At the time of European colonization, the great adventures of exploration were only possible thanks to the issuance of loans by the great bankers of the time.

In the western United States, at the beginning of the nineteenth century, banks operated with minimal regulation. To build trust in its users, the bank was often the most solid building in the entire settlement. During the time when remote communication was done by MORSE code and the train lines forced to coordinate the schedules in remote territories.

Nowadays, the need for trust and guarantees has not changed, although the means to produce it uses current technologies.

Monitor the contribution of your technological projects to the development of the business with ITM Platform.

Entities providing financial services to private users move trillions of dollars around the world, and mainly include commercial banks and insurers. The transition to increasingly more digital users has forced this sector not only to provide online banking services, but to give access to those same services in mobile applications.

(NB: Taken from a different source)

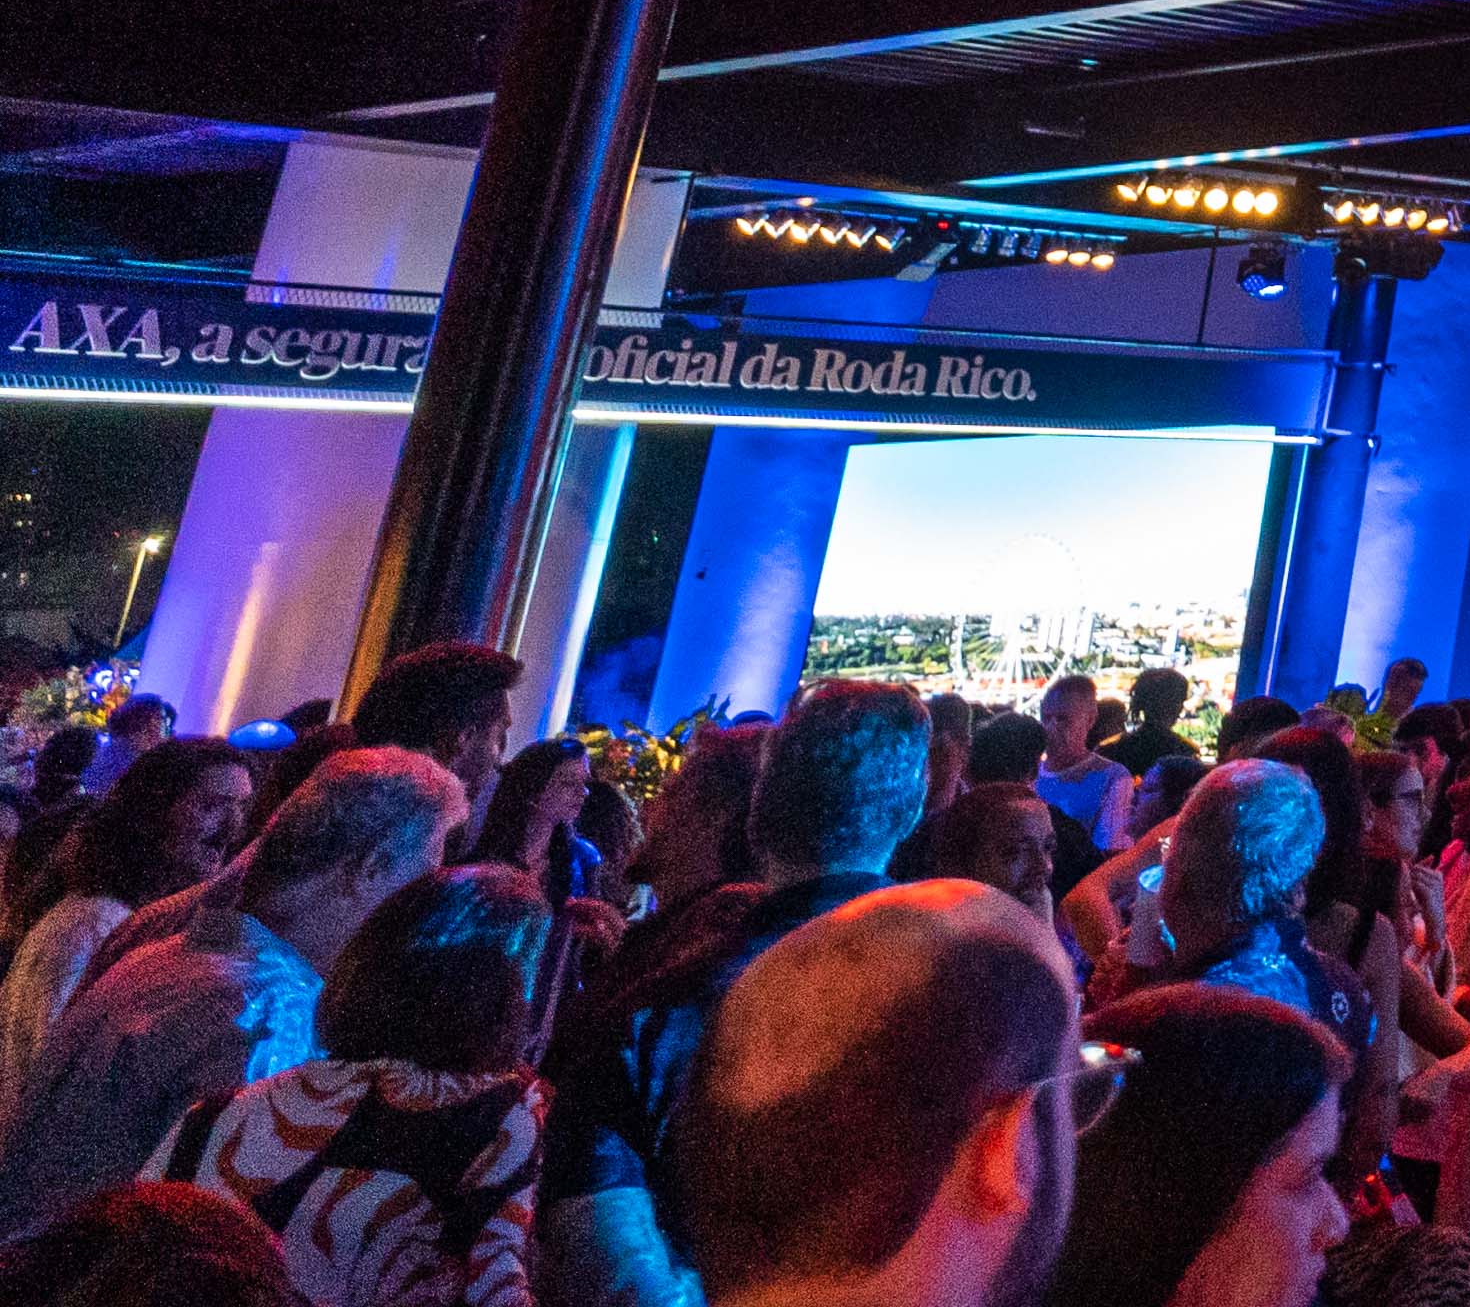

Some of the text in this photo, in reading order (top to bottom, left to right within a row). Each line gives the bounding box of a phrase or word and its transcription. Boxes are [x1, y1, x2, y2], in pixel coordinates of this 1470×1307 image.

The pressure on banking to modernize its IT systems

And it's not just about designing an attractive and useful online banking application.

A commercial banking mobile application is only possible as a result of dozens of different projects, such as:

  • Making remittances to other banking entities
  • Secure authentication system with fingerprint
  • Account management, with recovery of historical information and permanent updating of the latest movements
  • GPS navigation to find the nearest cashier or office
  • Viewing of information

All this does not take into account all the technological infrastructure with which the online banking application must be connected in order to be launched, nor the legal and compliance obligations to which this type of operations are subject, including the protection of data during its recovery , treatment, storage and communication.

Competition is fierce: according to a Ernst & Young report launched in 2016, in most surveyed countries, the general public relies more on mobile banking services from supermarket chains or digital home banking to traditional banks' online banking applications .

If these projects were not managed in a coordinated way, it would be impossible to guarantee the service. What's more, it would be crazy to think that it would work at the time of launch. That is why every financial services company needs to manage its projects in a coordinated manner.

That means that, without addressing all the implications and connections between the new application and existing systems, and without coordinating projects based on these connections, at some point we will find this message when we open our online personal banking application:

"We are experiencing some technical difficulties. Apologies for the inconvenience."

If we reach this outcome, coordination has failed. Meaning having to abandon the project management to deal with the crisis.

The message has as many causes and variations: login problems, failure to update data, procedural problems.

However, the result is the same: loss of customers and reputation.

That is why, for the organizations that manage to coordinate their projects, competitive advantages immediately ensue. In addition, attracted by a comforting user experience, new customers arrive in flocks. The most robust building in the city has been erected, perfectly visible on every mobile screen.

Financial services and project management

In order to avoid messages like that and to construct a robust strategy of technological delivery, the responsibility of the CIO of a banking institution has to be the general of his army. In order to coordinate their activities, these profiles should focus on at least 6 major responsibilities:

  • Develop projects for all business units of the organization with equipment and limited funding, often responding to direct demands for new internal projects.
  • Contributing to productivity goals consistently.
  • Leading the digitization of the service portfolio.
  • Modernize information systems, which are often decades old. The transition is difficult, but without it the overall response time will be compromised. In addition, problems of backward compatibility may arise as soon as there are strong demands to implement new technologies for a user, such as direct mobile payment.
  • Reducing contingencies that impede active planning and "putting out fires" effectively.
  • Use credible measures to see if teams are working on appropriate projects.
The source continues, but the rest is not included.